In the example above, changing ptrRef would update the pointer, but not the value.

Here's a bit more of a complete example:

int *myPtr = new int(5);   // myPtr points to an integer.

...

void ChangePointer(int *&ptr)
{
    delete ptr;
    ptr = new int(6);
}

...

std::cout << *myPtr << std::endl;  // <-- Output "5"
ChangePointer(myPtr);
std::cout << *myPtr << std::endl;  // <-- Output "6"

In the example above, we pass myPtr to the ChangePointer by reference so that it can be modified by the function. If we did not pass by reference, any changes made inside the function would be lost.
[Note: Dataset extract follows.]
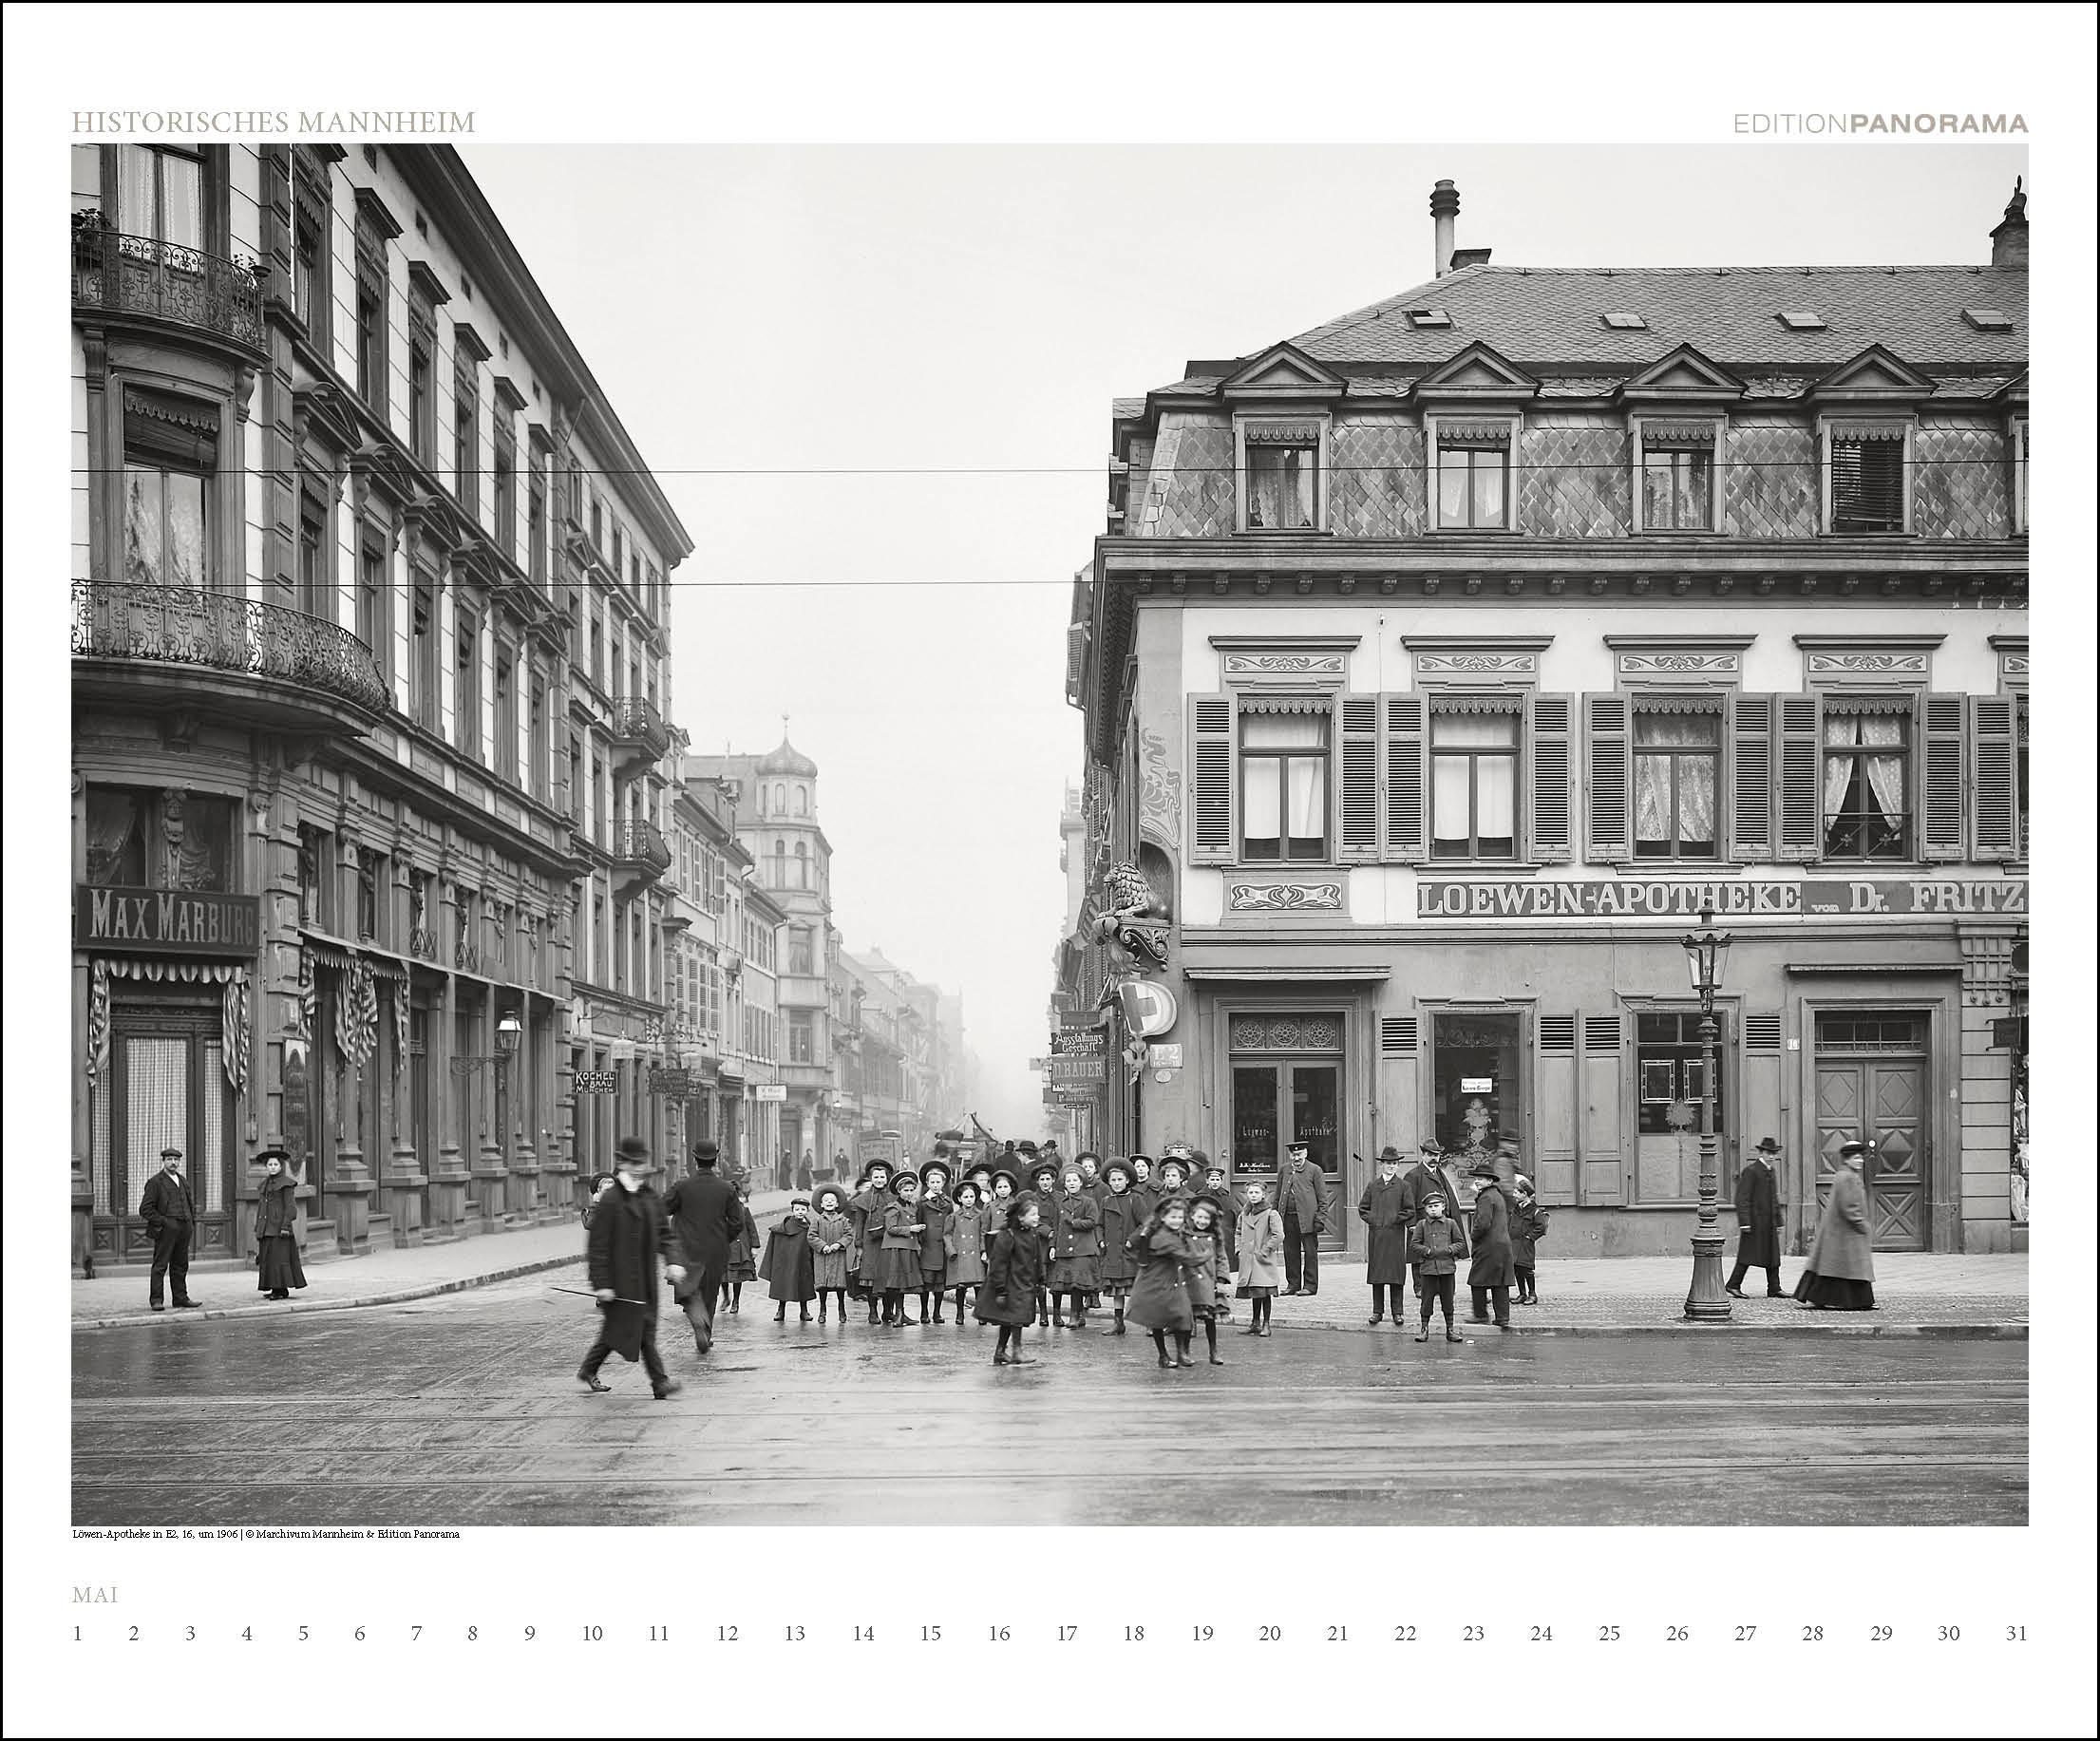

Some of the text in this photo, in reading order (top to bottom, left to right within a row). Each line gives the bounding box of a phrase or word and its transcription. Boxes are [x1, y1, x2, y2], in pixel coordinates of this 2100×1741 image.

[89, 888, 254, 946] MAX MARBURG
[1418, 881, 2025, 915] LOEWEN-APOTHEKE von Dr. FRITZ
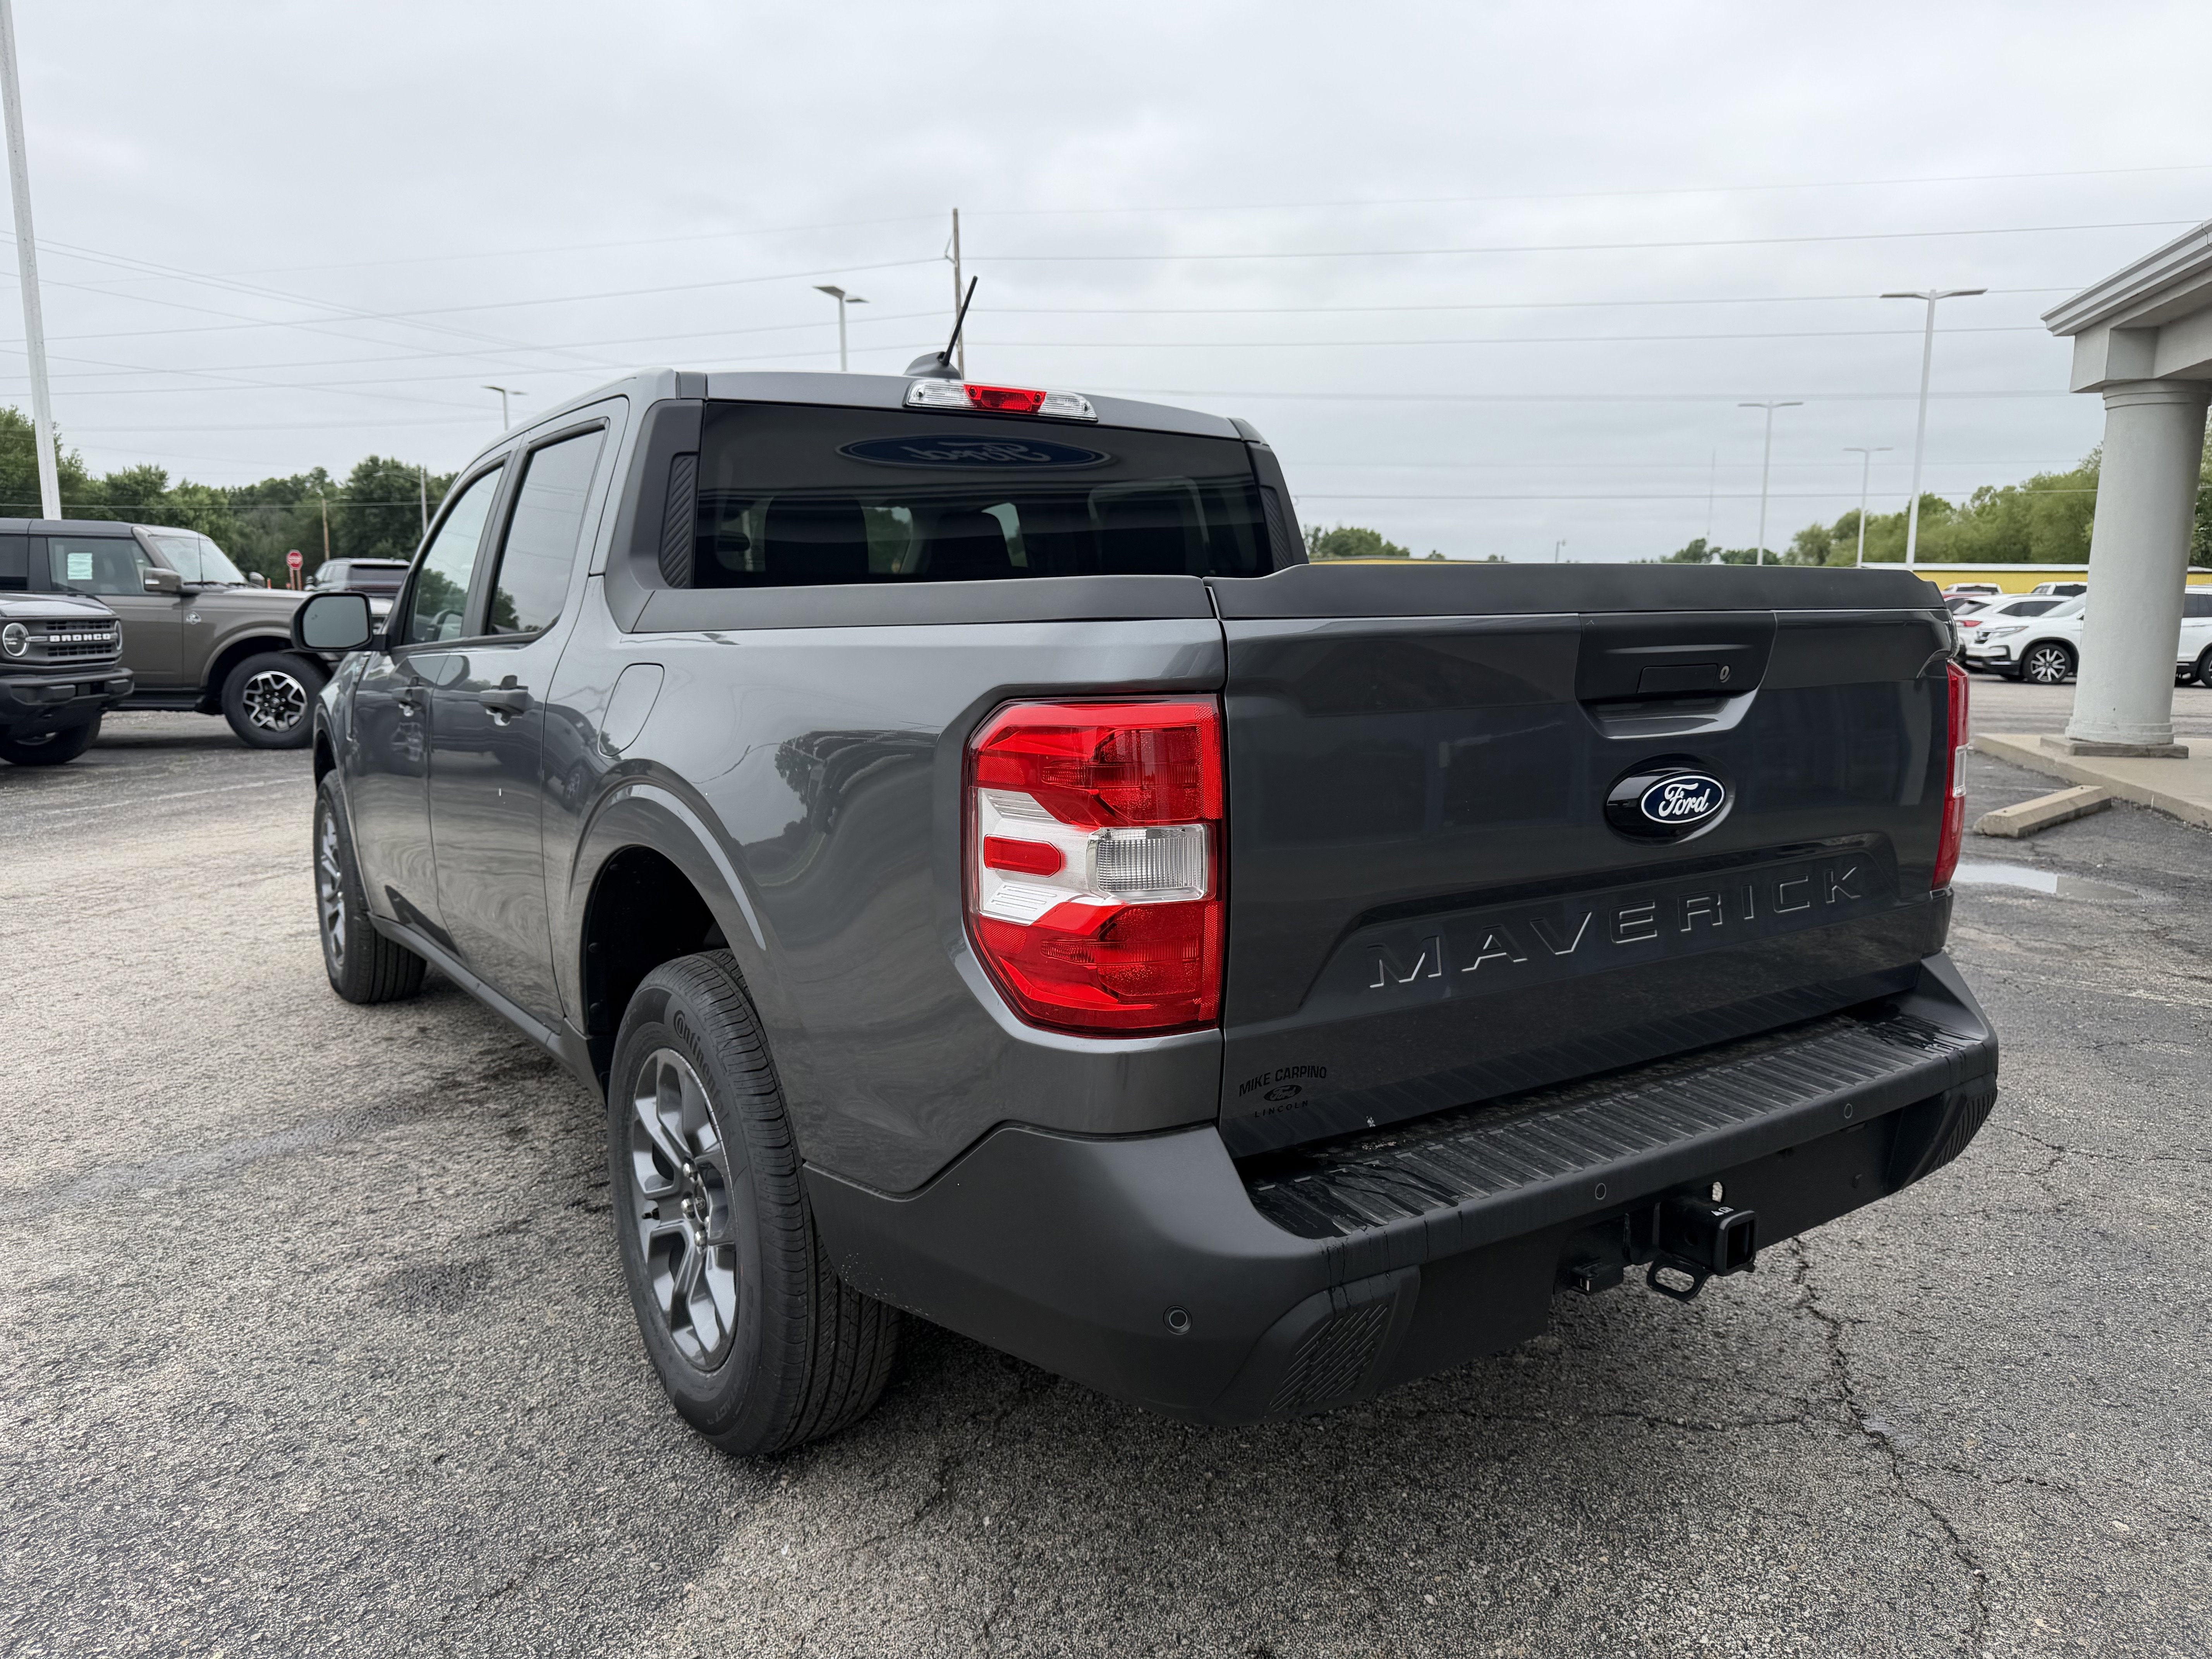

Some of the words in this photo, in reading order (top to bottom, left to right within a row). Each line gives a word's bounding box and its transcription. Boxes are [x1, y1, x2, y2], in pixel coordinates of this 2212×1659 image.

In your case, you're passing a reference to a const pointer. This is approximately equivalent to:

DoStuff(const Object &myObject);

In your case, you're passing a pointer, rather than an object though.

It seems a bit redundant to pass a const pointer by reference though. The pointer cannot be changed (it is const), and there is no benefit to passing pointers by reference (pass by reference is no more efficient than pass by value for small objects like pointers and integers). I wouldn't want to guess as to why it was done in your case.

Answer 3

The other answers largely cover the semantics of references to pointers.

But what if you were in doubt: is it a reference to pointer or pointer to reference? It can be confusing! However, C++ does not allow pointer to references!

Pointers store the address of objects and references are not objects, so there cannot be any pointer to reference.

Answer 4

It should translate to "A reference to a constant pointer to constant character". Which means the referenced pointer can't be assigned a new target address (to point to) and the string it references must not be modified.

edited after comment. Consequences should remain the same though.

Answer 5

cdecl is an useful online tool to help beginners get used to complicated declarations.

Inserting const char* const& i returns:

declare i as reference to const pointer to const char

The meaning of the declaration should be obvious now.